AGRICULTURAS MUITO DESIGUAIS
Podemos medir a produtividade
bruta do trabalho agrícola pela produção de cereais ou de equivalente-cereal [quantidade
de cereais que possuem o mesmo valor calórico que a produção agrícola
considerada] por trabalhador agrícola e por ano. Em pouco mais de meio
século, a relação entre a produtividade da agricultura menos produtiva do
mundo, praticada exclusivamente com ferramentas manuais (enxada, pá, facão,
faca, ceifadeira, foice...) e a agricultura mais bem equipada e produtiva do momento
realmente se acentuou: passou de 1 contra 10 no período do entre-guerras, para
1 contra 2.000 no final do século XX.
REVOLUÇÃO
AGRÍCOLA CONTEMPORÂNEA
De fato, no decorrer da segunda metade
do século XX, a revolução agrícola contemporânea (elevada motorização-mecanização,
seleção de variedades de plantas e de raças de animais com forte potencial de
rendimento, ampla utilização dos fertilizantes, dos alimentos concentrados para
o gado e produtos de tratamento das plantas e dos animais domésticos) progrediu
vigorosamente nos países desenvolvidos e em alguns setores limitados dos países
em desenvolvimento.
Os
produtos agrícolas e alimentares não são mercadorias como as outras: seu preço
é o da vida e, abaixo de um certo patamar, o da morte
Nos países desenvolvidos, os
agricultores, que já eram relativamente produtivos, beneficiaram-se de
políticas de apoio ao desenvolvimento agrícola, assim como de preços agrícolas
reais que, no início do período considerado, eram muito mais elevados que os atuais,
ainda que pudessem investir e progredir ao máximo. Mas, no final das contas,
são menos de 10% dos grandes estabelecimentos agrícolas que conseguiram superar
todas as etapas dessa revolução. Hoje, as mais bem equipadas, as mais bem
dimensionadas e as mais bem colocadas entre elas atingem uma produtividade
bruta da ordem de 2.000.000 kg de equivalente-cereal por trabalhador e por ano
(200 ha/trabalhador x 10.000 kg/ha = 2.000.000 kg/trabalhador). Os ganhos de
produtividade agrícola obtidos dessa forma foram tão rápidos e tão elevados que
ultrapassaram os da indústria e do setor de serviços. Disso resultou uma forte
queda dos preços agrícolas reais: de acordo com os produtos, esses preços foram
divididos por 2, 3 ou 4 ao longo da segunda metade do século XX.

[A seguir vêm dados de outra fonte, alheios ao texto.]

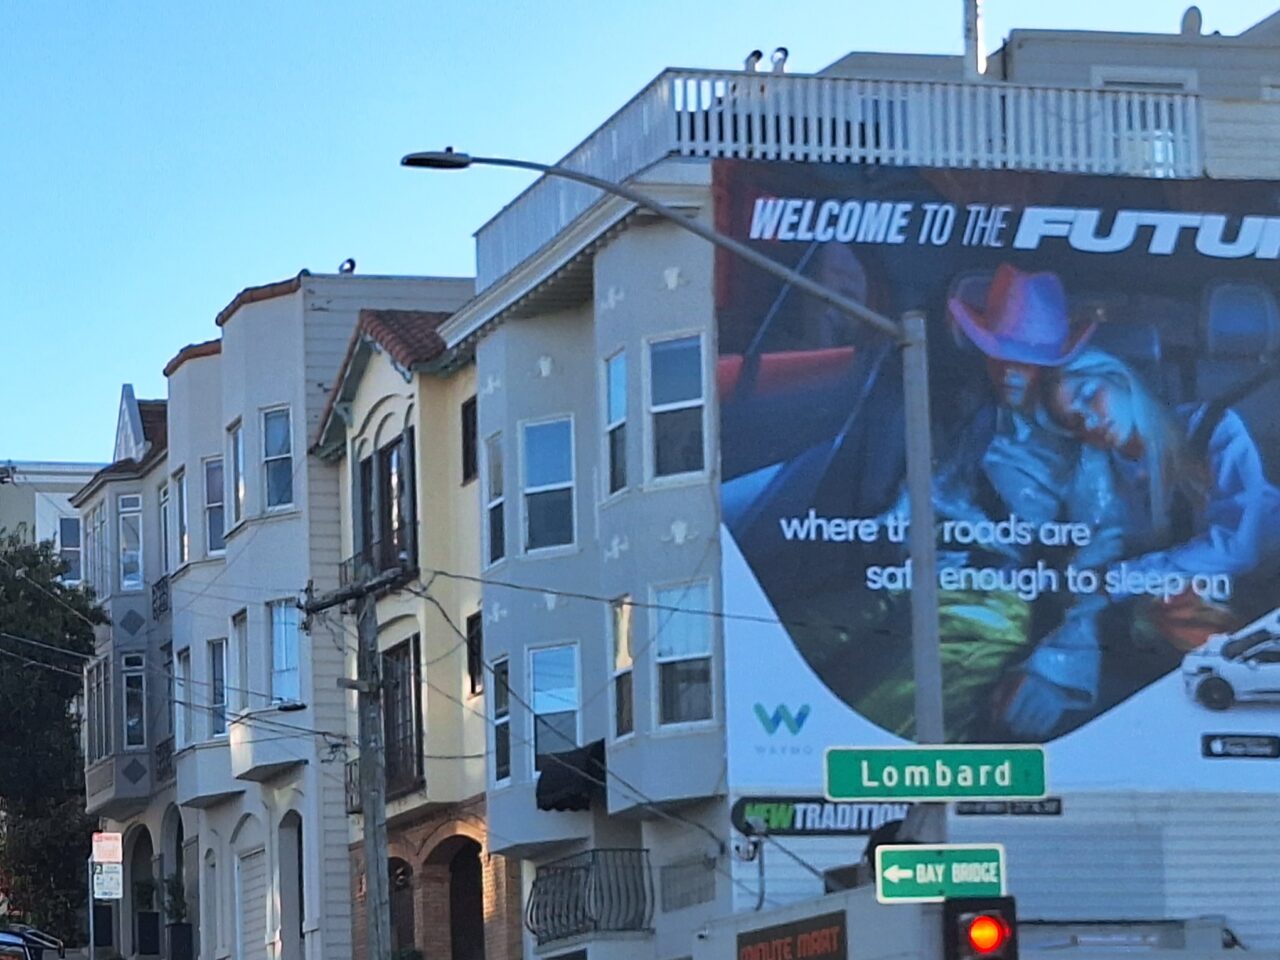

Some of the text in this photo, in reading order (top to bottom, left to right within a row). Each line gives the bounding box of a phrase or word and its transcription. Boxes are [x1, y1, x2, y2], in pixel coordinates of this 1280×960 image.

[749, 198, 913, 243] WELCOME
[919, 203, 956, 246] TO
[962, 203, 1013, 248] THE
[780, 508, 878, 542] where
[943, 513, 1032, 545] roads
[1039, 520, 1091, 547] are
[866, 559, 1231, 603] saf enough to sleep on
[861, 759, 1013, 788] Lombard
[916, 861, 999, 884] BAY BRIDGE
[797, 925, 842, 959] MART

Consequentemente, durante esse período, mais de 90% dos estabelecimentos
agrícolas menos favorecidos tiveram seu desenvolvimento bloqueado e
empobreceram em virtude dessa baixa dos preços, a tal ponto que, umas após as
outras, deixaram de existir e alimentaram com mão de obra a indústria e o setor
de serviços em expansão.
Nos países em desenvolvimento, a maioria
dos camponeses não encontrou formas de acesso à motorização-mecanização, muito
dispendiosa. Em algumas regiões, no entanto (América Latina, Oriente Médio,
África do Sul...), alguns grandes empresários agrícolas, que dispunham de
milhares de ha e que utilizavam trabalhadores agrícolas diaristas muito mal
pagos aproveitaram-se da inflação e dos baixos preços agrícolas internacionais,
relativamente elevados da primeira metade dos anos 1970, assim como dos
créditos vantajosos, para, por sua vez, equiparem-se. Hoje, os mais bem
sucedidos desses grandes estabelecimentos agrícolas têm uma produtividade do
trabalho tão elevada quanto a dos grandes estabelecimentos agrícolas
norte-americanos ou do oeste-europeu mais bem equipados, mas com um custo de
mão de obra infinitamente menor.
REVOLUÇÃO VERDE
Ainda nos países em desenvolvimento, a
partir dos anos 1960, a revolução verde, uma variante da revolução agrícola
contemporânea desprovida de motorização-mecanização, desenvolveu-se muito mais
amplamente. Baseada na seleção de variedades com bom rendimento potencial de
arroz, milho, trigo, soja e de outras grandes culturas de exportação, baseada
também numa ampla utilização de fertilizantes químicos, dos produtos de
tratamento e, eventualmente, em um eficaz controle da água de irrigação e da
drenagem, a revolução verde foi adotada pelos agricultores que eram capazes de
adquirir esses novos meios de produção e nas regiões favorecidas, onde era
possível rentabilizá-los. Ressaltamos que em muitos países, os poderes públicos
favoreceram intensamente a difusão dessa revolução, comandando políticas de
incentivo aos preços agrícolas, de subvenções aos insumos, de bonificação dos
juros de empréstimo e de investimentos em infraestruturas de irrigação,
drenagem e transporte. Dessa forma, hoje, um agricultor que utilize plenamente
os meios da revolução verde pode atingir uma produção bruta do trabalho de
cerca de 10.000 kg do equivalente-cereal se ele dispuser apenas de ferramentas
manuais (1 ha/trabalhador x 10.000 kg/ha), de cerca de 50.000 kg se ele
dispuser de equipamentos de tração animal (5 ha/trabalhador x 10.000 kg/ha), e
mesmo mais se ele puder realizar diversas colheitas por ano.
AGRICULTURAS ESQUECIDAS
Assim, muitos camponeses dos países em
desenvolvimento nunca tiveram acesso aos meios de produção de uma ou outra
dessas revoluções agrícolas. Dessa forma, a motorização-mecanização está
praticamente ausente, e as sementes selecionadas, os fertilizantes, os
agrotóxicos só são pouco ou não são utilizados em extensas zonas de culturas
pluviais ou sumariamente irrigadas das florestas, savanas, estepes
intertropicais da África, da Ásia e da América Latina. E mesmo nas regiões que
assimilaram amplamente uma ou outra dessas duas revoluções, muitos camponeses
nunca puderam adquirir os novos meios de produção e progredir em rendimento e
em produtividade. Eles, portanto, também foram empobrecidos pela baixa dos
preços agrícolas reais, e ainda sofreram, por vezes, inconvenientes resultantes
dessas duas revoluções (poluições diversas, baixa do nível de lençóis
freáticos, salinização dos solos irrigados e mal drenados...).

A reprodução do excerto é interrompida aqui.